* [TRY IT]: Send back the records exactly as written, with no images.
################
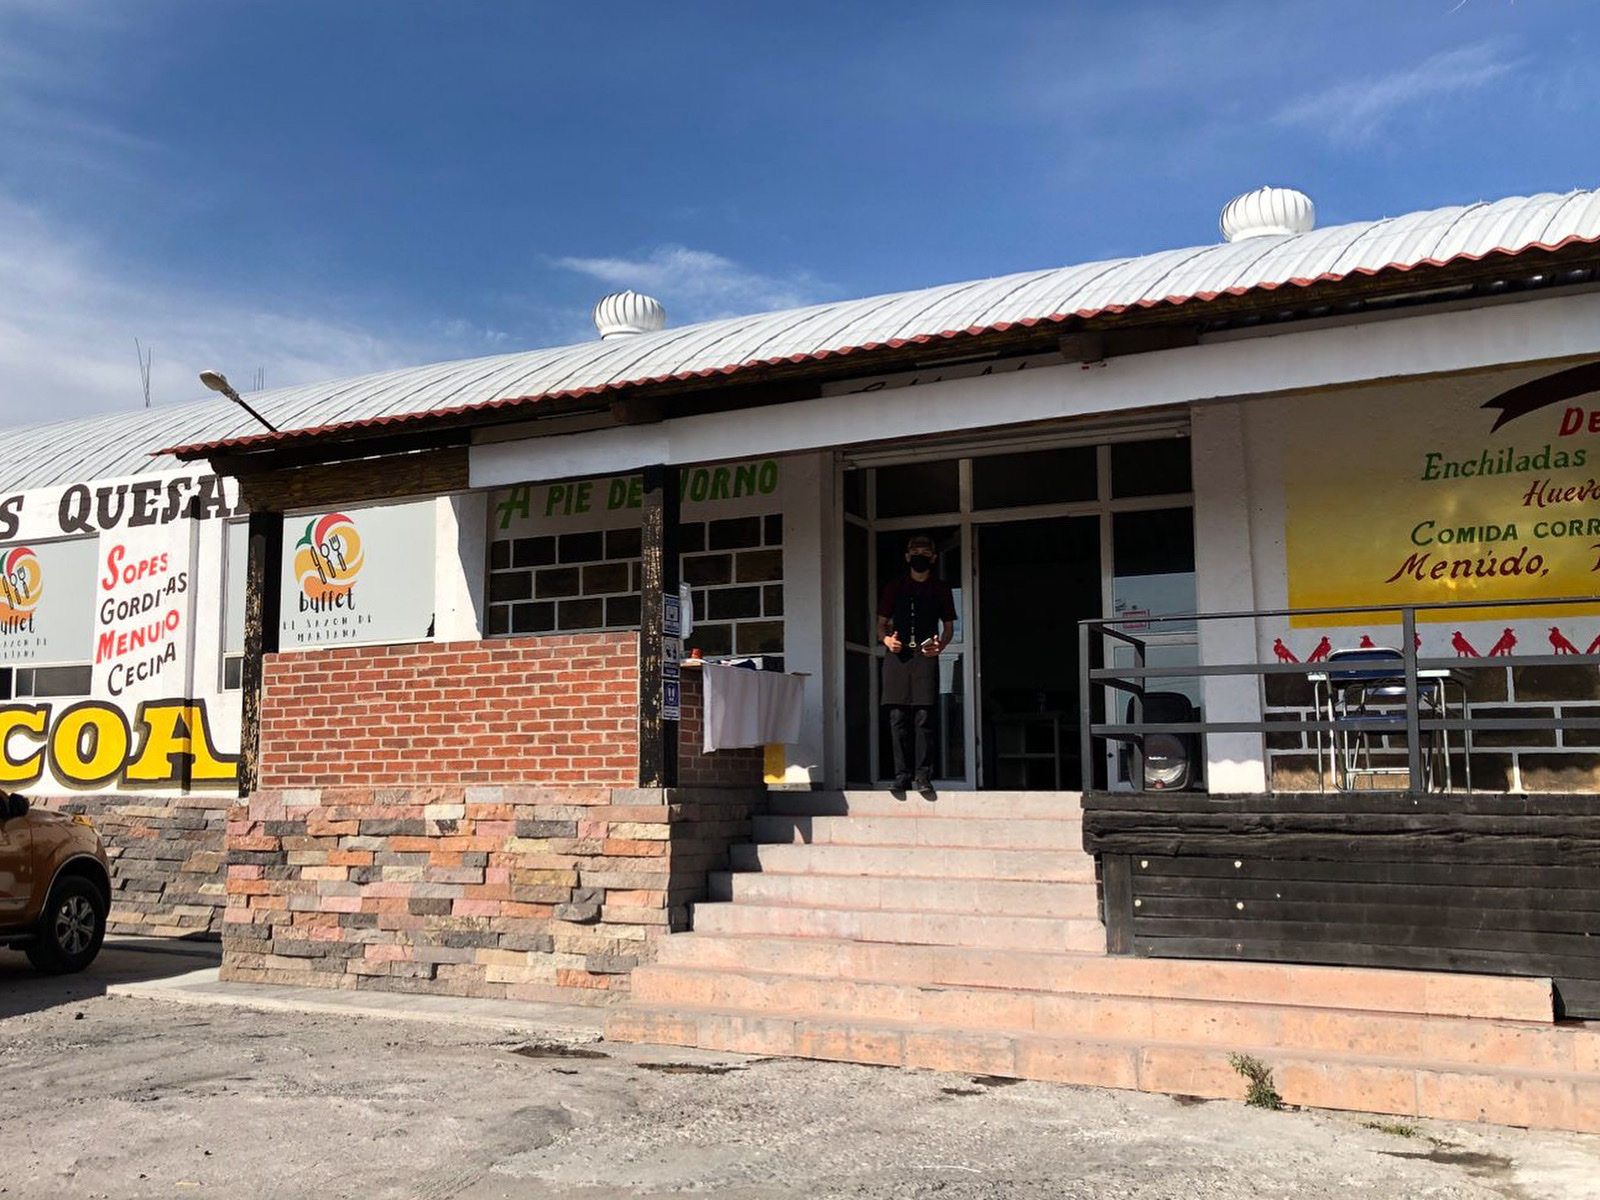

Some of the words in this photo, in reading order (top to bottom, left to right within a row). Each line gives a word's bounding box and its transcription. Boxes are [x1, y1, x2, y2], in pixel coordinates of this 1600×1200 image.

[1421, 445, 1587, 481] Enchiladas
[495, 486, 530, 529] A
[546, 481, 593, 517] PIE
[607, 474, 644, 511] DE
[1411, 520, 1518, 546] COMIDA
[102, 545, 168, 591] SOPES
[100, 571, 187, 625] GORDIAS
[299, 587, 356, 613] buffet
[96, 609, 179, 664] MENUO
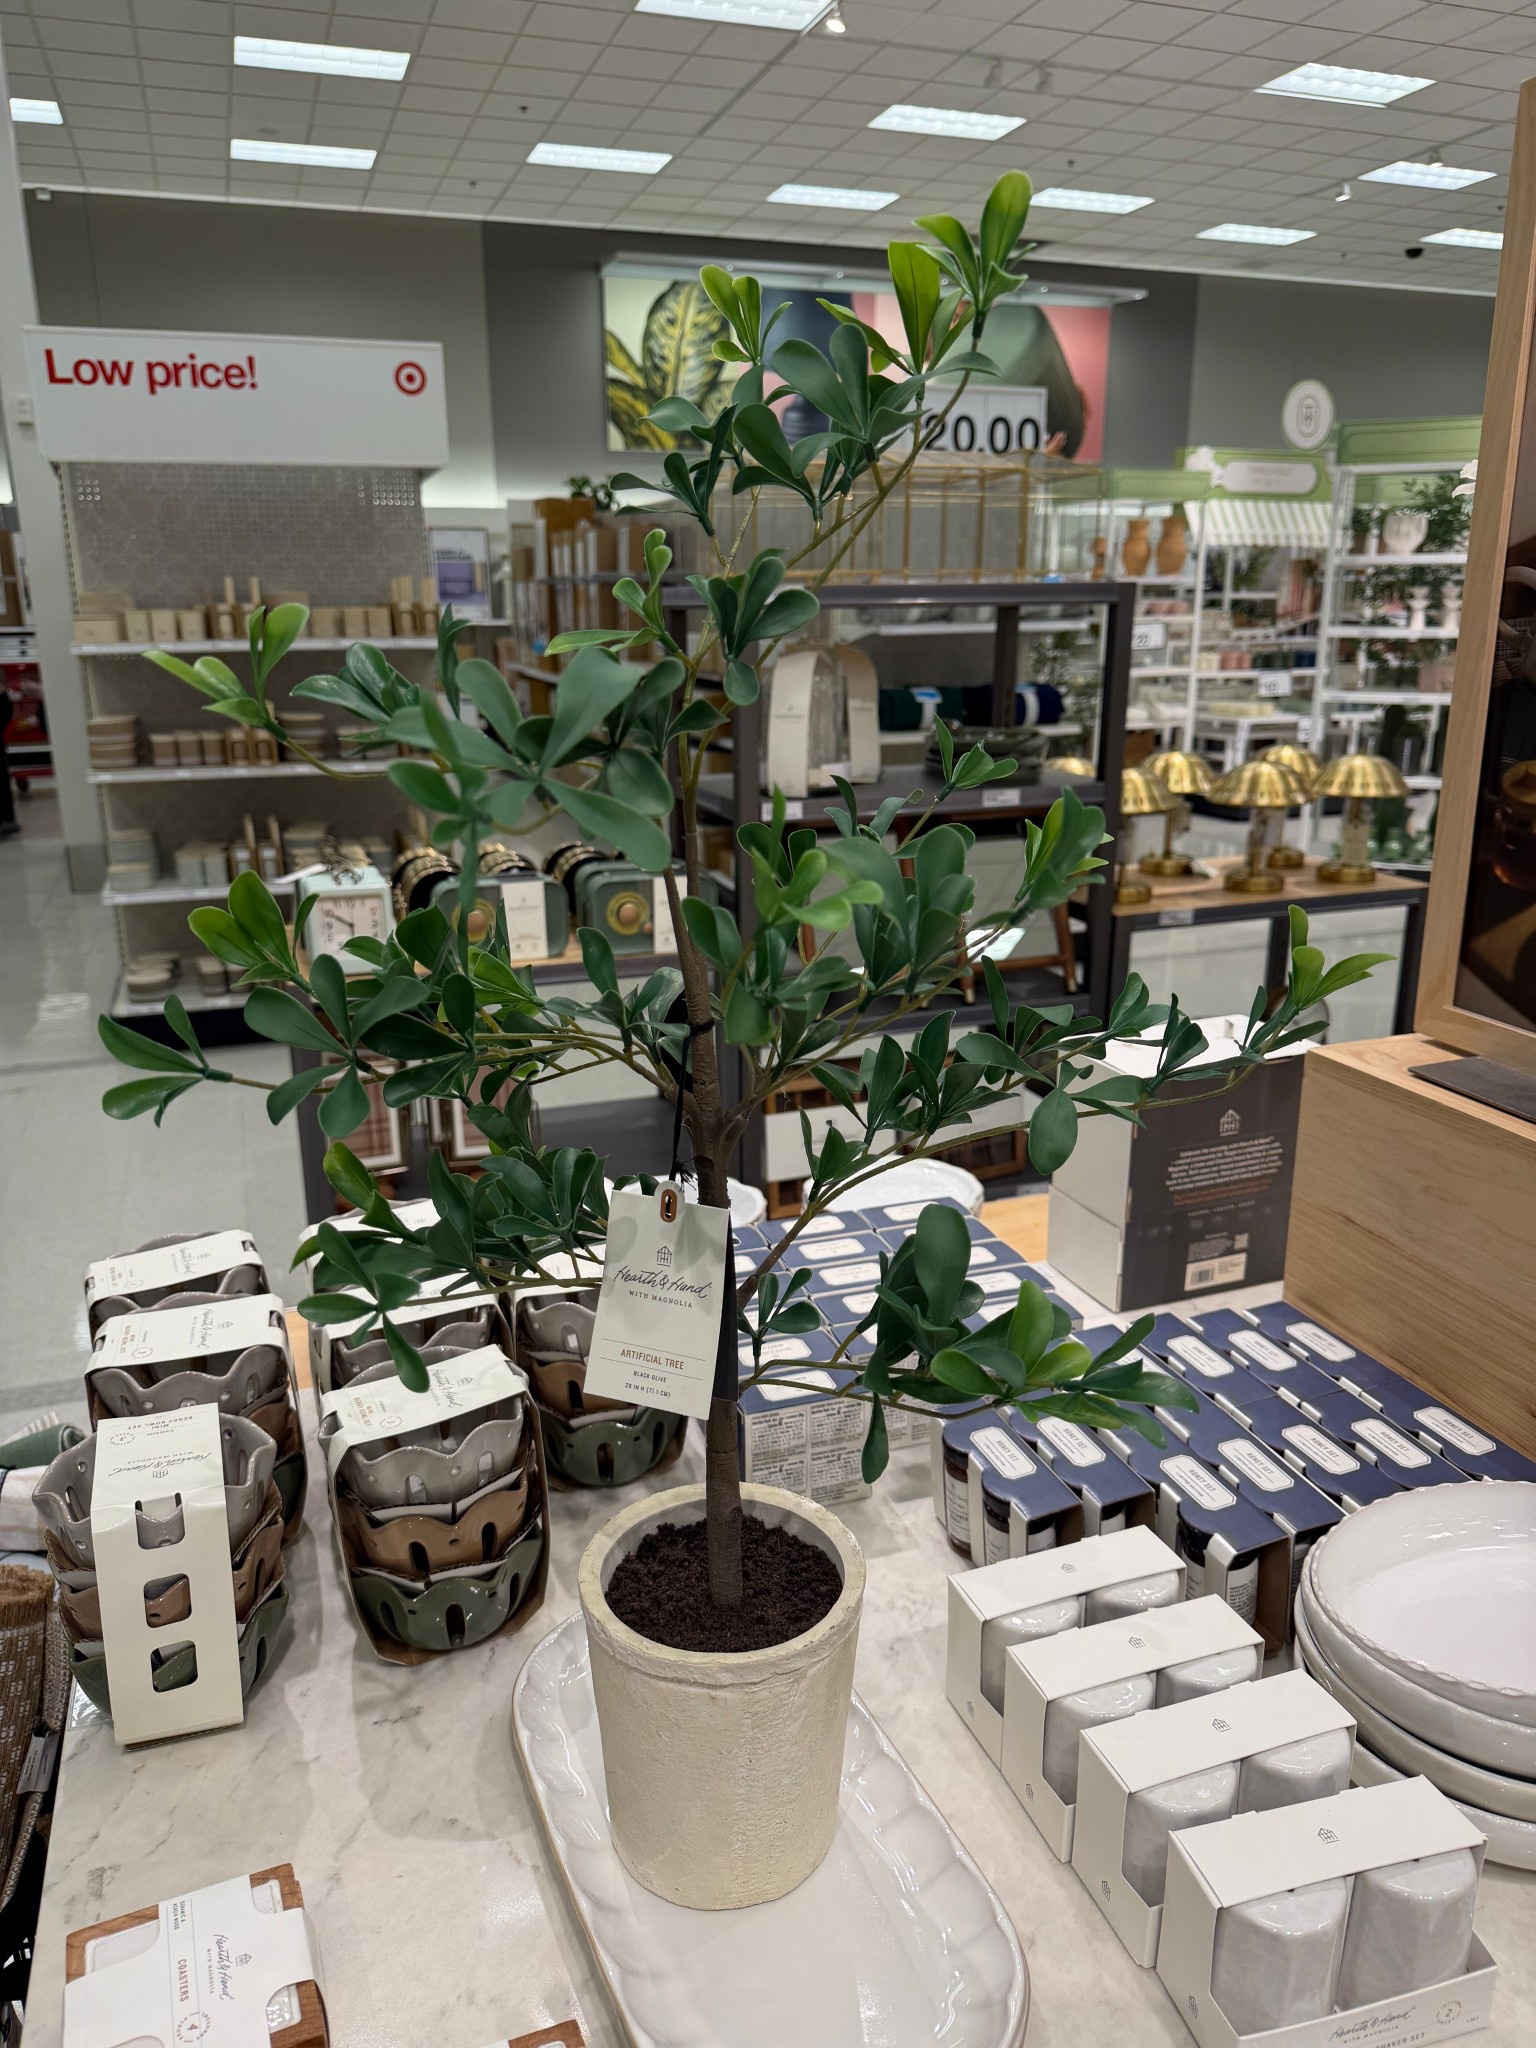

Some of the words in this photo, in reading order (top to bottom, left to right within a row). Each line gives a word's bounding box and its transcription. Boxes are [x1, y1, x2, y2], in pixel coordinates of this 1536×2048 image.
################
* [ANSWER AREA]:
Some of the words in this photo, in reading order (top to bottom, left to right within a row). Each line gives a word's bounding box and its transcription. Boxes are [x1, y1, x2, y2], in pixel coordinates of this 1600×1200 image.

[1421, 445, 1587, 481] Enchiladas
[495, 486, 530, 529] A
[546, 481, 593, 517] PIE
[607, 474, 644, 511] DE
[1411, 520, 1518, 546] COMIDA
[102, 545, 168, 591] SOPES
[100, 571, 187, 625] GORDIAS
[299, 587, 356, 613] buffet
[96, 609, 179, 664] MENUO

Some of the words in this photo, in reading order (top to bottom, left to right within a row). Each line gives a word's bounding box and its transcription. Boxes are [x1, y1, x2, y2], in pixel coordinates of this 1536×2048 image.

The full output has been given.